La tradizione pasquale di Sorrento e la processione del Cristo Morto
01 Mar

La tradizione pasquale di Sorrento e la processione del Cristo Morto

Ogni anno durante la Pasqua sono circa 20 le processioni che attraversano le strade dei comuni della Costiera Sorrentina da Meta a Massa Lubrense. A curarne l'organizzazione sono le numerose confraternite che da secoli ripropongono il messaggio cristiano. La processione più conosciuta e più solenne è senza dubbio quella del Cristo Morto, organizzata dall'Arciconfraternita della Morte di Sorrento.
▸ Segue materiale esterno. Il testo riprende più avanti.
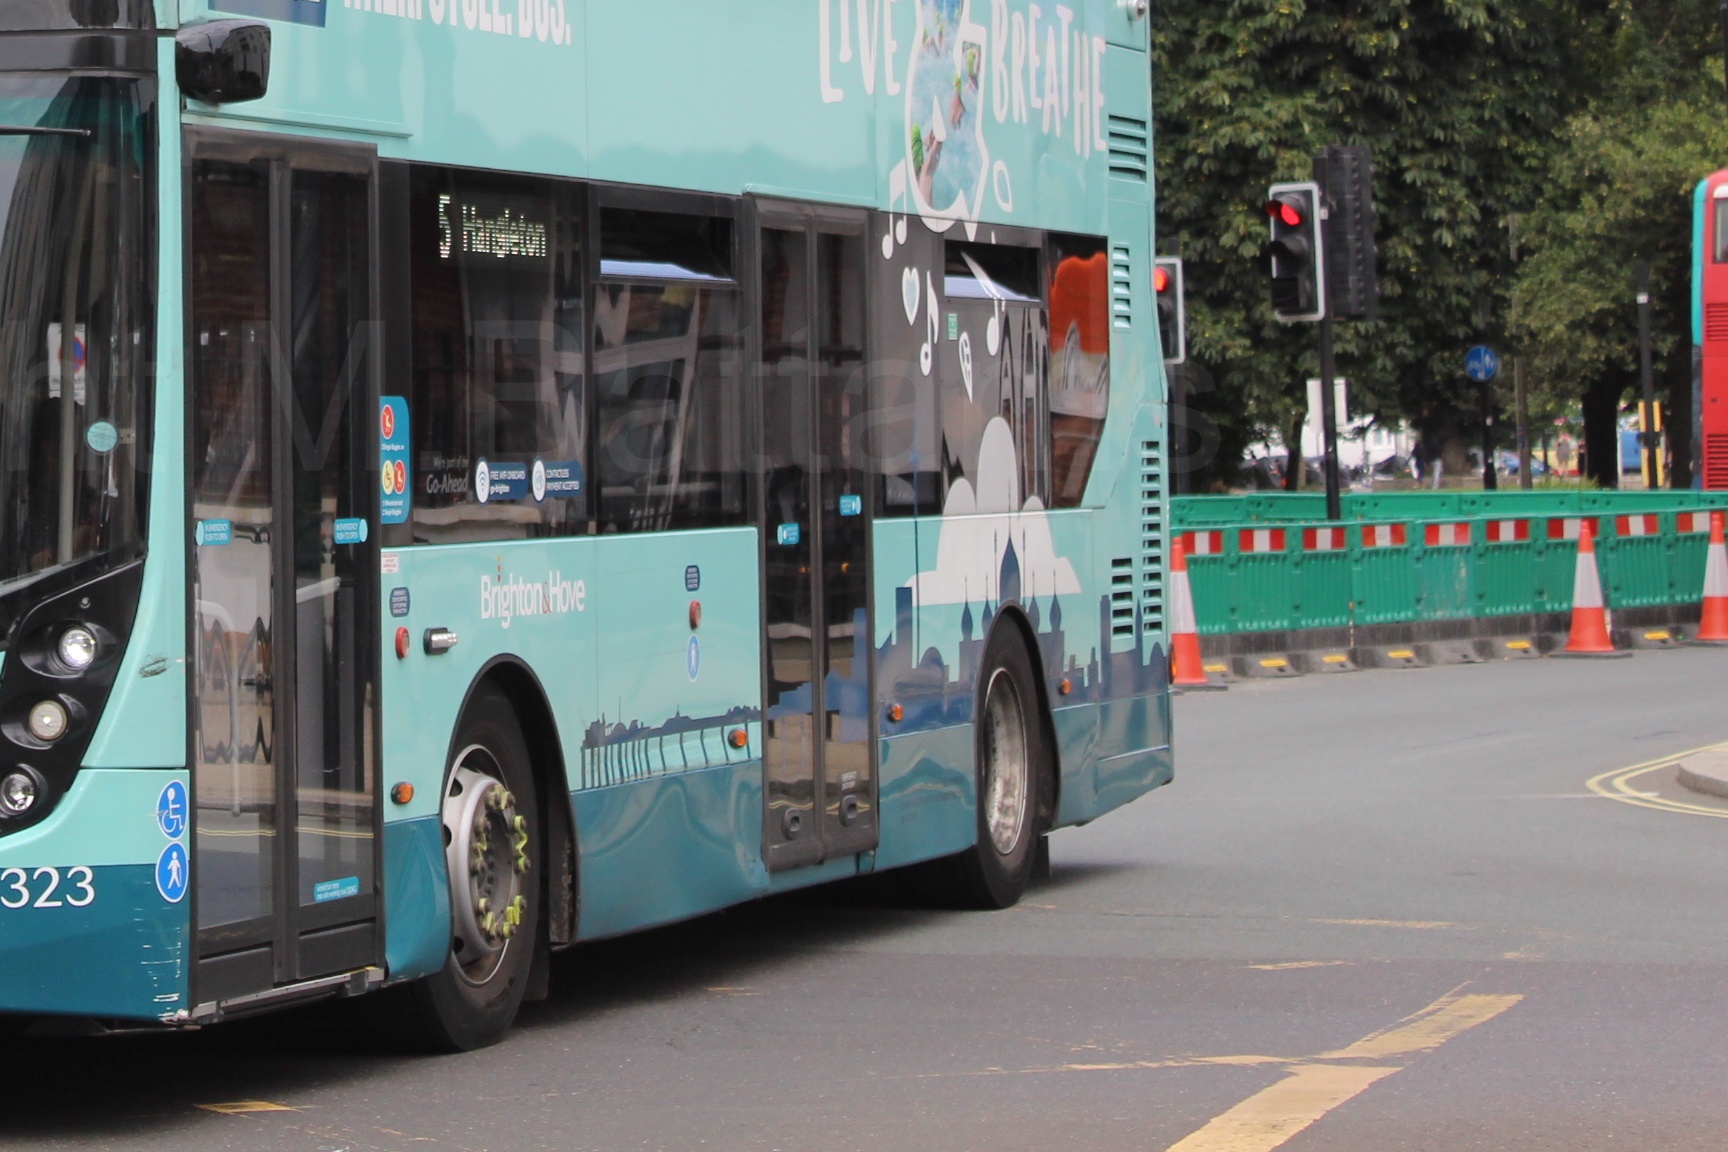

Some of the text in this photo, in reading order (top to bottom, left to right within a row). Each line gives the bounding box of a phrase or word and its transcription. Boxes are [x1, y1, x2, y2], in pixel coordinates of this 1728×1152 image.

[438, 195, 547, 259] 5 Hangleton
[426, 469, 470, 494] Go-Ahead
[480, 555, 586, 629] Brighton&Hove
[0, 866, 95, 908] 323
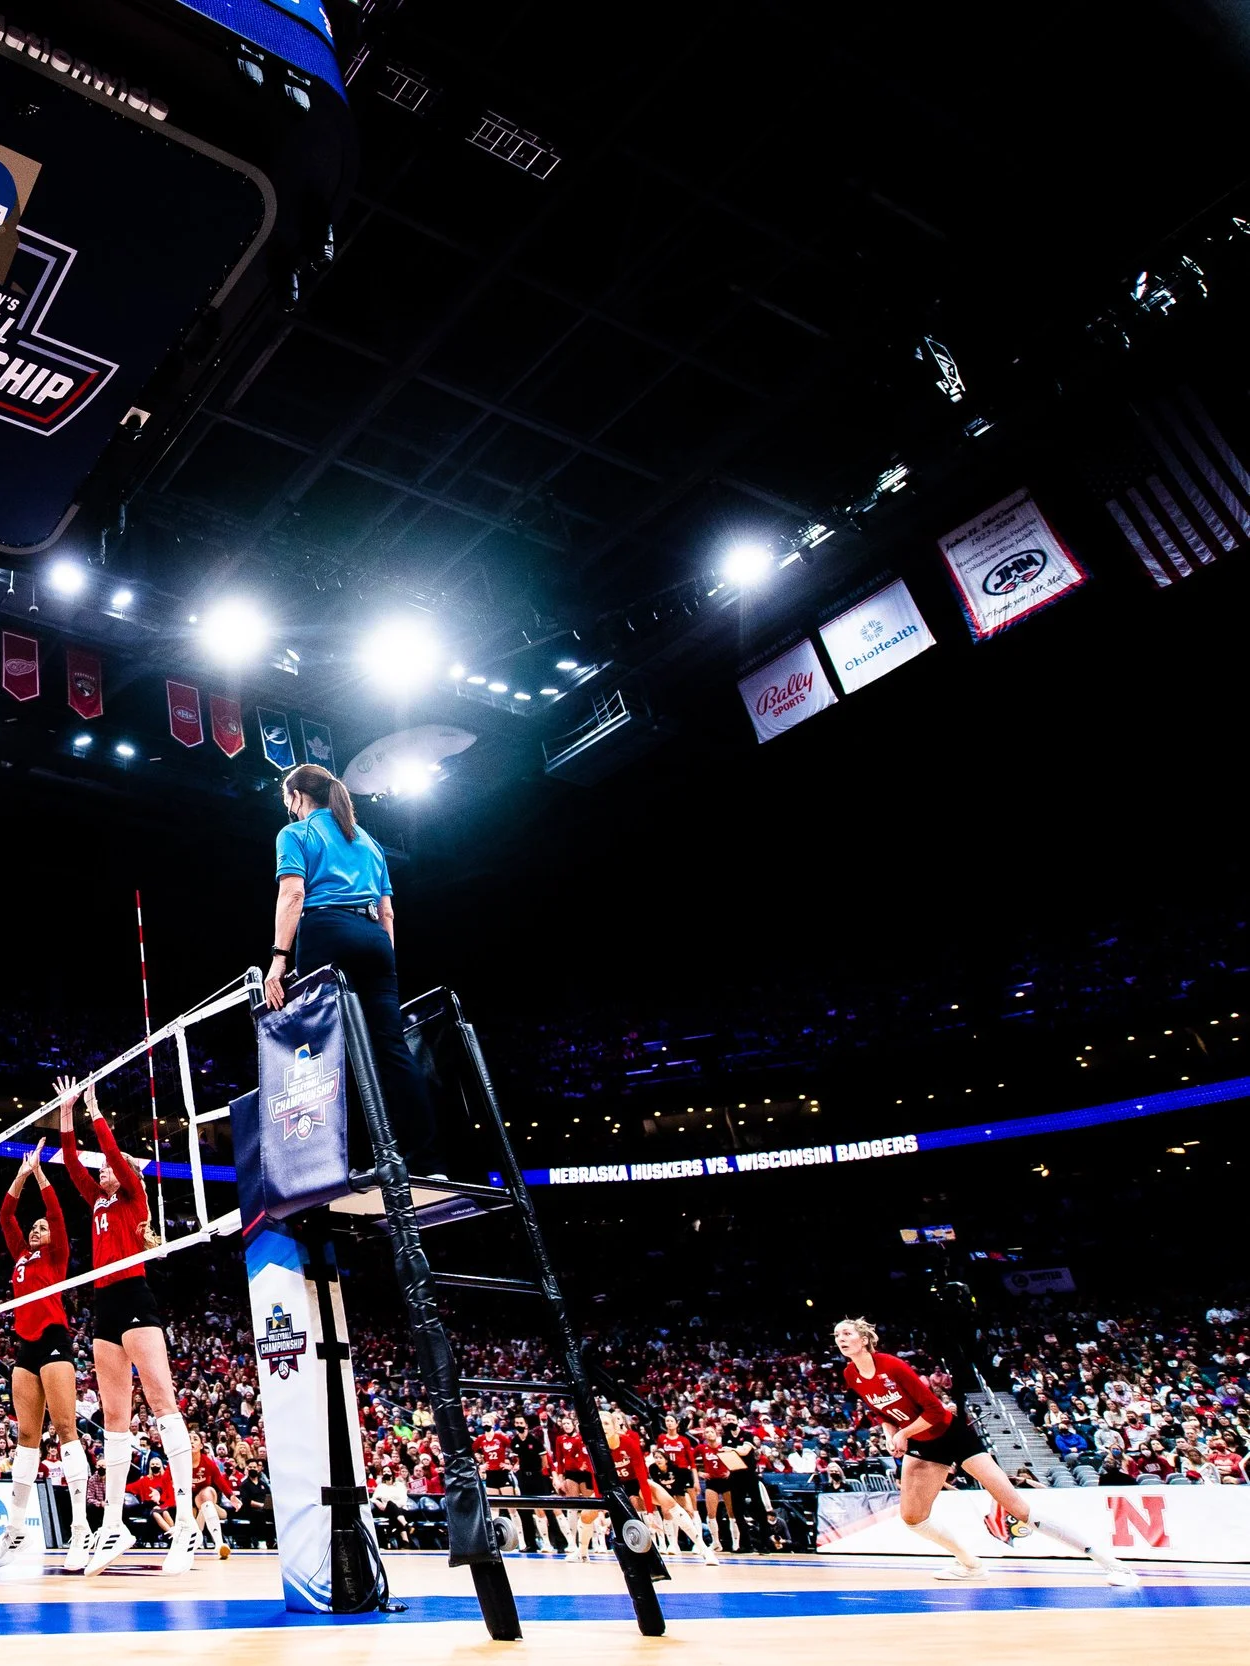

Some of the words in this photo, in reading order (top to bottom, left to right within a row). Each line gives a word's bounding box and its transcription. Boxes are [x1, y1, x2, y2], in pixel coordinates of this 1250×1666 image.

La processione del Cristo Morto, che si svolge durante la Settimana Santa nel sorrentino, rappresenta un appuntamento immancabile della Pasqua in Italia. L'Arciconfraternita della Morte nacque nel 1586 dall'aggregazione tra la Confraternita di San Catello e la Confraternita Morte ed Orazione di Roma, ed è, dopo quella dei Battenti di Sant'Antonino, la più antica confraternita sorrentina.

Inizialmente la processione era molto semplice e si limitava a una Croce posta tra la lancia e la spugna, a una statua in legno del Cristo Morto e vedeva unicamente la partecipazione dei confratelli, incaricati di portare i lampioni. Al termine della marcia si rientrava in Chiesa, si spegnevano i lumi e si intonava il salmo del Miserere. Quindi i confratelli si flagellavano il petto nudo con corde e scudisci.

Con il passare degli anni, la processione del Cristo Morto ha assunto via via maggiore importanza per la zona di Sorrento, diventando un momento di meditazione e riflessione per l'intera città, che quasi si ferma durante il tempo della sfilata. E' una delle processioni più antiche d'Italia, motivo per il quale Sorrento è meta turistica rinomata nel periodo di Pasqua.